▶ _Problem to work on_
Below are the entries; transcribe them exactly and drop every picture.

[Dataset entries]
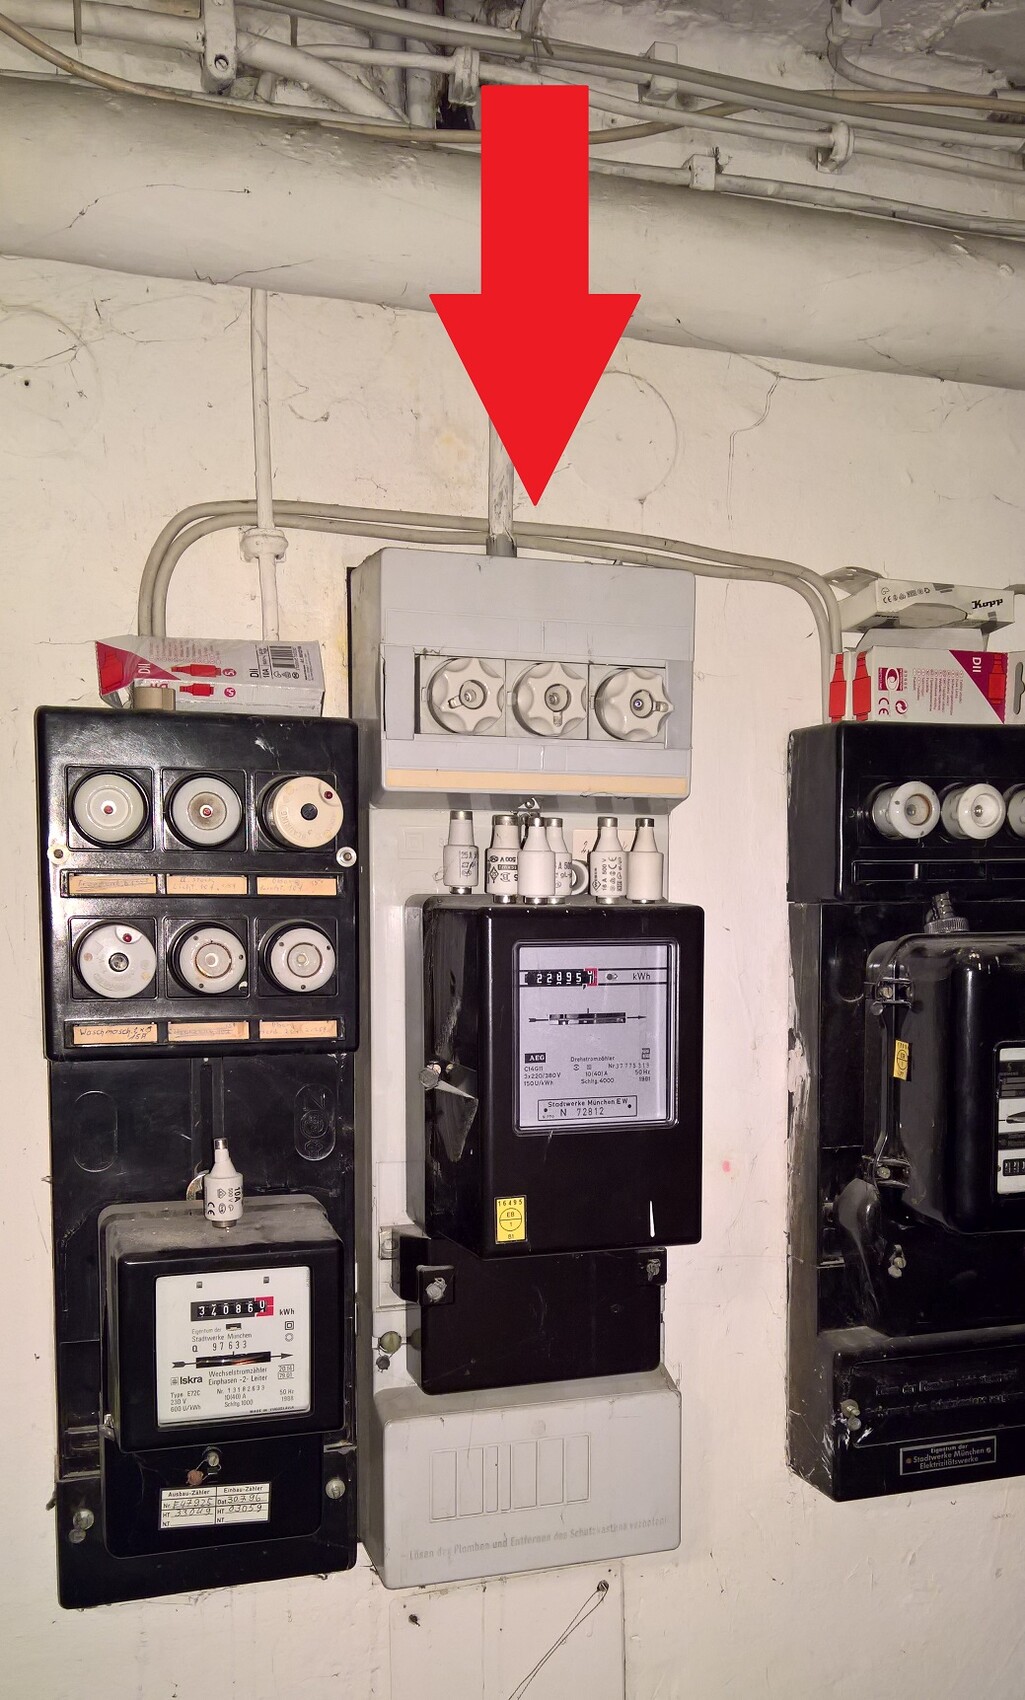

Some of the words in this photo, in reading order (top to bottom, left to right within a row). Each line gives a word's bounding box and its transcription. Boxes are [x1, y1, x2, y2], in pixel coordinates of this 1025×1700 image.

[972, 598, 1003, 610] Kopp
[972, 657, 982, 673] DII
[632, 972, 651, 980] kWh
[528, 1053, 546, 1062] AEG
[576, 1107, 605, 1116] 72812
[279, 1308, 295, 1316] kWh
[192, 1335, 225, 1343] Stadtwerke
[212, 1340, 247, 1351] 97633
[208, 1367, 268, 1378] Wechselstromzähler
[180, 1376, 203, 1385] Iskra
[208, 1377, 238, 1386] Einphasen
[913, 1453, 952, 1463] Stadtwerke
[953, 1448, 985, 1458] München
[920, 1457, 979, 1470] Elektrizitätswerke
[168, 1489, 210, 1498] Ausbau-Zähler
[223, 1485, 263, 1493] Einbau-Zähler
[492, 1537, 508, 1549] und

▶ _Answer space_
Some of the words in this photo, in reading order (top to bottom, left to right within a row). Each line gives a word's bounding box and its transcription. Boxes are [x1, y1, x2, y2], in pixel coordinates of this 1025×1700 image.

[972, 598, 1003, 610] Kopp
[972, 657, 982, 673] DII
[632, 972, 651, 980] kWh
[528, 1053, 546, 1062] AEG
[576, 1107, 605, 1116] 72812
[279, 1308, 295, 1316] kWh
[192, 1335, 225, 1343] Stadtwerke
[212, 1340, 247, 1351] 97633
[208, 1367, 268, 1378] Wechselstromzähler
[180, 1376, 203, 1385] Iskra
[208, 1377, 238, 1386] Einphasen
[913, 1453, 952, 1463] Stadtwerke
[953, 1448, 985, 1458] München
[920, 1457, 979, 1470] Elektrizitätswerke
[168, 1489, 210, 1498] Ausbau-Zähler
[223, 1485, 263, 1493] Einbau-Zähler
[492, 1537, 508, 1549] und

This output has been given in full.